Not at all; this is an example of cluster sampling (with very bad clusters since strata are being treated as clusters). It does not make sense because any one cluster of this kind will not represent the entire population of employees.

6. Break ups : Married people seem to have better health than their single peers. Break-ups take their toll with divorced or separated people reporting higher rates of illness (compared to their “happily-married” counterparts). This conclusion was based on a nationwide survey conducted by Statistics Canada* of 9755 people, aged 20 to 64 about their physical and mental health and relationship status, at 2 year intervals, beginning 1990.

a) What is the population of interest in this study ?

All Canadian adults aged 20-64 years.

b) Identify the explanatory and response variable.

Response variable : (a measure of) physical and mental health status.

Page 4: Problem Set 1 Sol

Explanatory variable : relationship status

c) Was this an experiment or observational study? Explain.

Observational study since physical/mental health and relationship status were observed/collected at regular time intervals for 9755 individuals.

* Wade, T. J and Pevalin, D. J, “Marital transitions and mental health”, Journal of health and social behaviour (2004), 45(2), 155-170.
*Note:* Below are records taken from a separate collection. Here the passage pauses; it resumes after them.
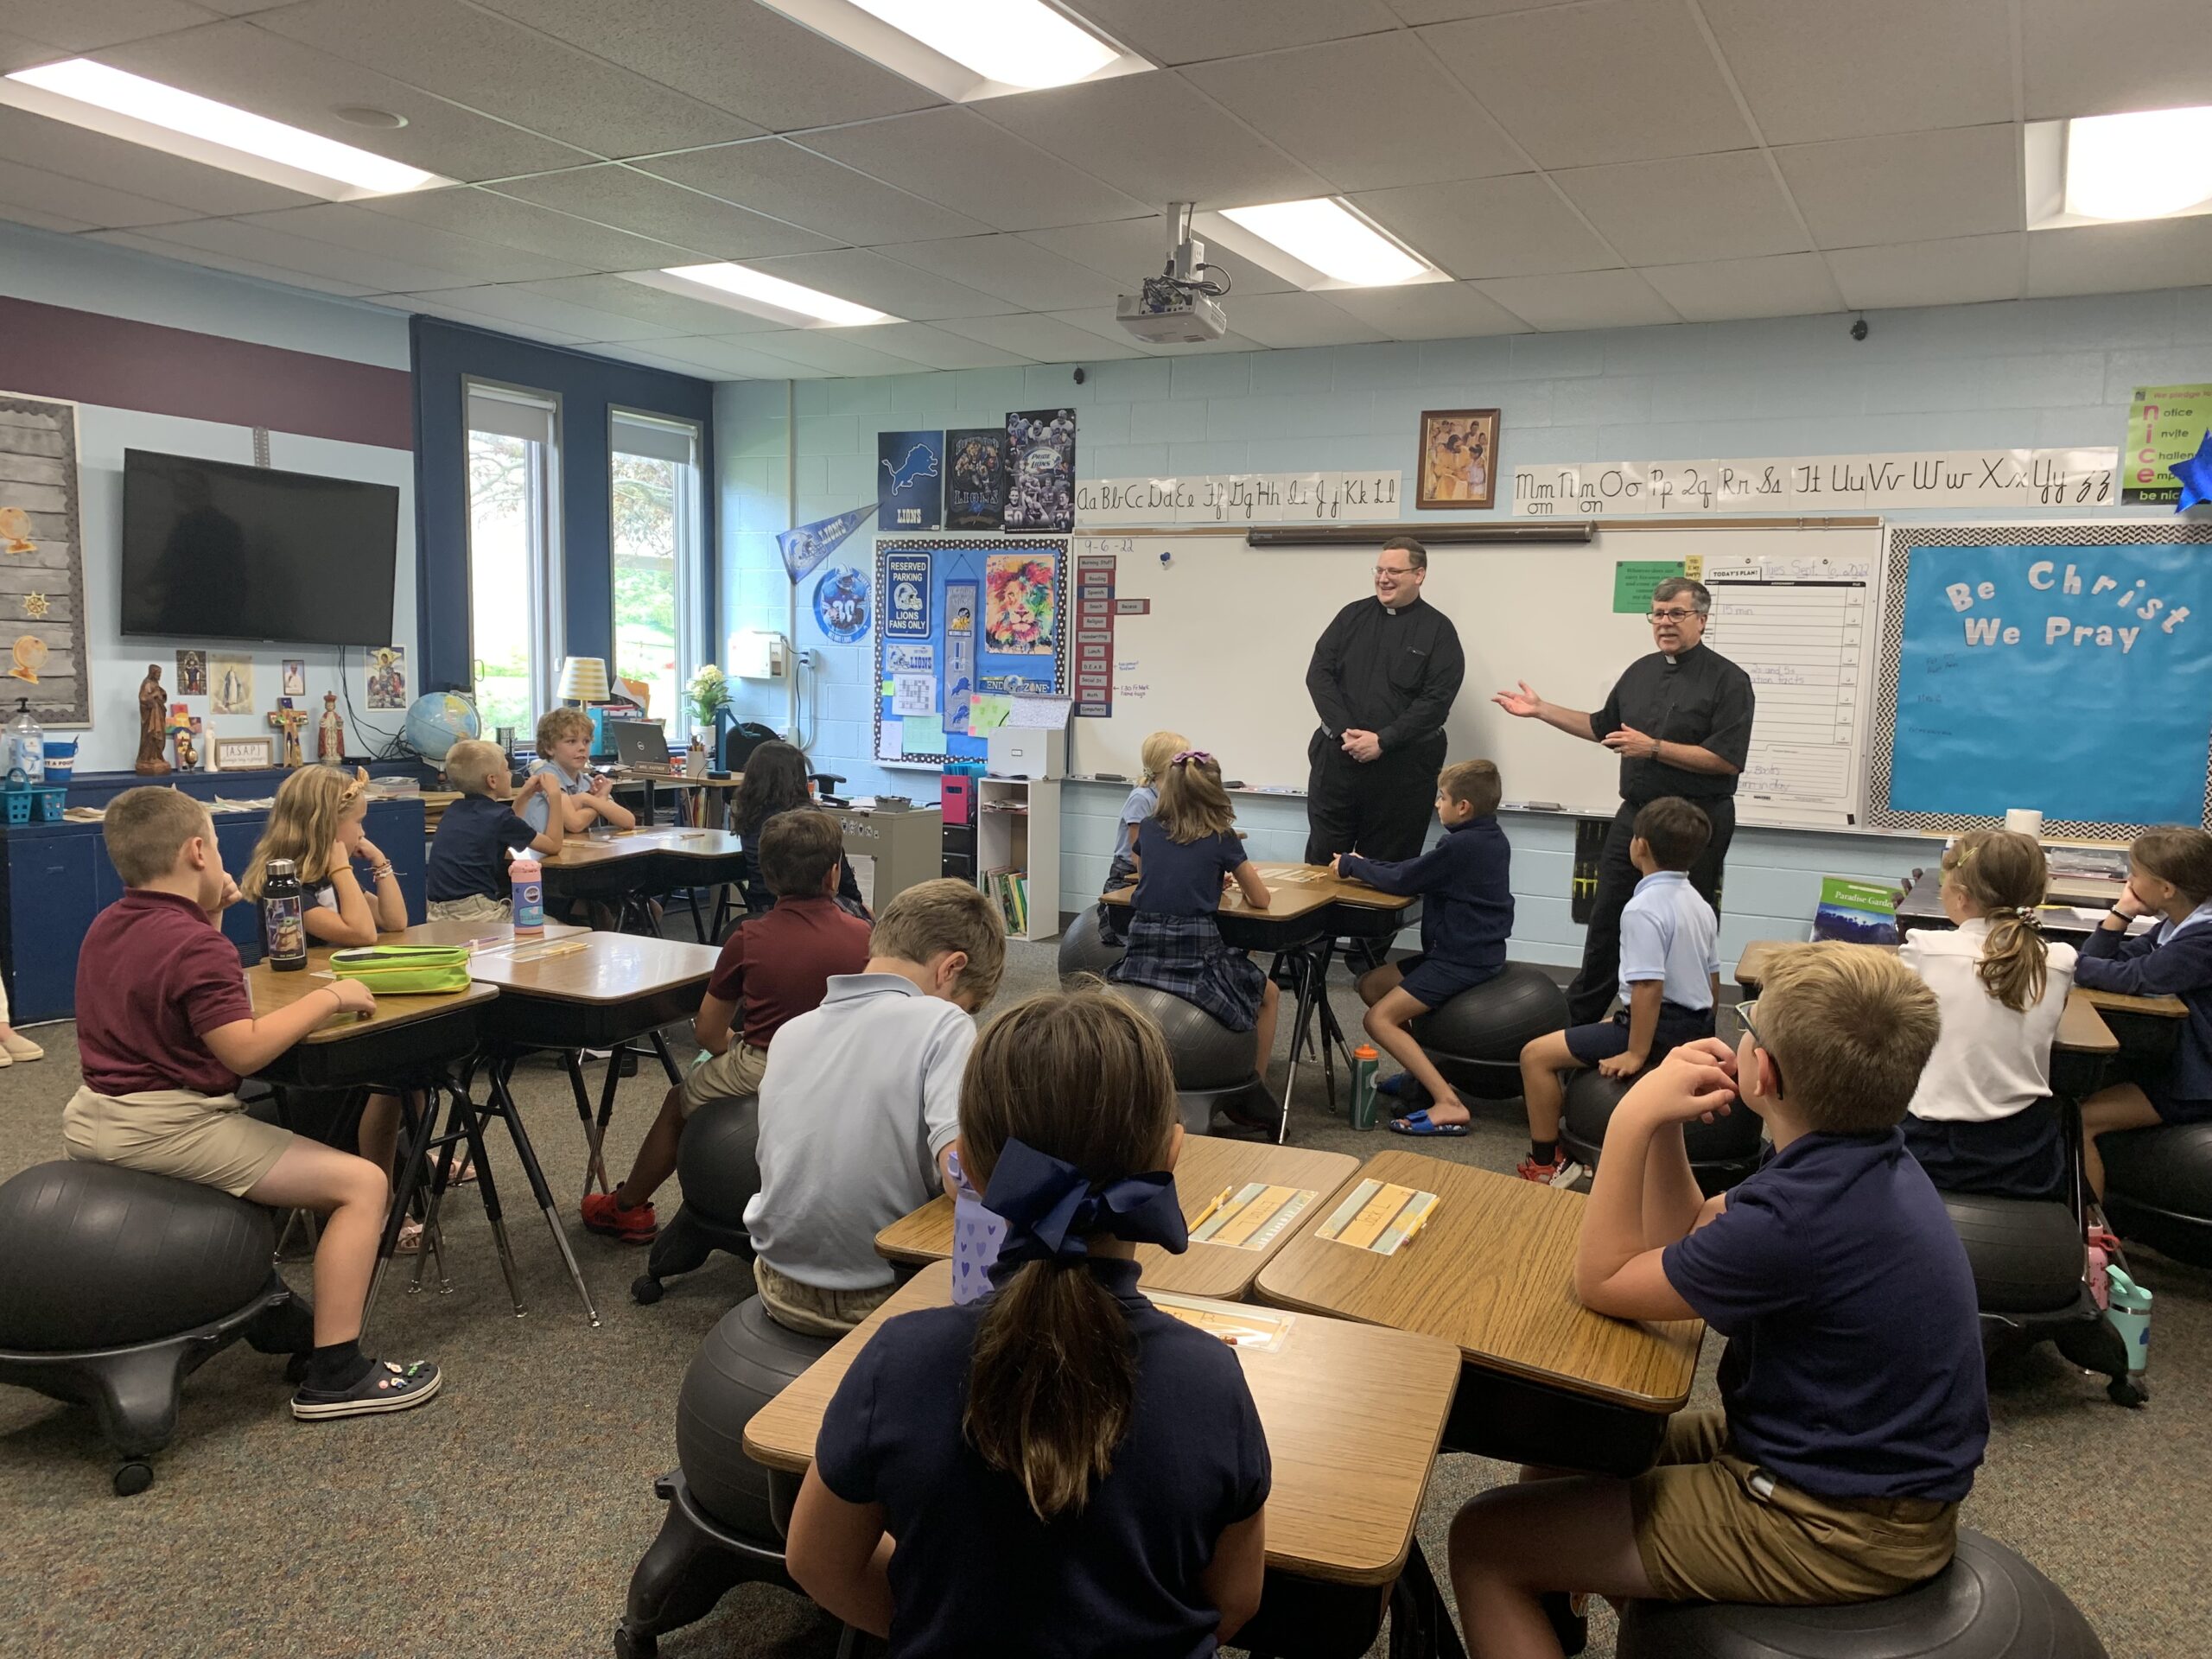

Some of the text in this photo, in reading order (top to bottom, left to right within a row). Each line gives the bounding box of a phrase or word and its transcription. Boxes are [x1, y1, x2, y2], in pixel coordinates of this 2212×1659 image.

[955, 490, 999, 505] LIONS
[2139, 490, 2180, 500] be nic
[897, 508, 922, 524] LIONS
[817, 518, 847, 545] LIONS
[890, 563, 926, 571] RESERVED
[893, 573, 923, 582] PARKING
[1945, 560, 2190, 634] Be Christ
[896, 611, 918, 620] LIONS
[889, 620, 926, 630] FANS ONLY
[1964, 616, 2141, 654] We Pray
[910, 657, 931, 669] LIONS
[987, 681, 1003, 690] END
[1835, 891, 1867, 904] Paradise
7. Identify the bias : Suppose Ahmedabad Mirror (AM) designs a survey to estimate the proportion of the city’s adult residents who favor the legalization of drinking. Accordingly, it takes a list of the 1000 Amdavadis who have subscribed to this paper the longest, and sends each of them a questionnaire that asks “Do you think it is a good idea to legalize drinking in Ahmedabad, which will eventually broaden the tax base and hence contribute money to education and other critical infrastructure needs ?” After analysing results from the 50 people who respond, they report that 95% of Amdavadis are against legalization of drinking. Identify the bias that results from

a) Undercoverage : those who do not subscribe to AM or are recent subscribers were left out; thus a large chunk of the Ahmedabad population was not even considered.b) Sampling design : this is essentially a volunteer/convenience sample NOT a simple random sample of the city’s adult residents.c) Nonresponse : out of 1000 sampled subjects, only 50 responded i.e 950 did not respond. Maybe, those who felt strongly about the issue (of legalization of drinking) only responded.d) Response : question is somewhat convoluted and hence could have influenced the responses; it is quite likely that some of the negative responses were because a positive response would have been socially unacceptable.

8. Stock markets and mental health : An internet survey of 545 Hong Kong residents suggested that close daily monitoring of volatile financial affairs may not be good for your mental health. Subjects who felt that their financial future was out of control had the poorest mental health whereas those who felt that their financial future was secure had the best mental health.

a) Identify the population of interest for this survey

All Hong Kong (HK) residents who monitor stock markets/volatile financial affairs on a daily basis.

b) Is this an experiment or an observational study ?

Observational study since it is based on responses from an internet survey.

c) Is there any possibility of bias in the survey results? Explain.

Yes, there are some possibilities of biases as follows :

Page 5: Problem Set 1 Sol

Sampling bias/undercoverage : this is a volunteer/convenience sample, NOT a random sample of HK residents. Moreover, the survey did not reach those HK residents who do not have access to the internet.

Non-response bias : since this is an internet survey, a large proportion of the population might not have responded (number of internet users in HK is far higher than 545 !). In fact, only those who felt strongly about this issue might have responded.

Response bias : the responses might have been affected by the manner/language of the question asked; there is also the possibility that some respondents may have lied about their financial condition and/or mental health (since both of these are sensitive issues).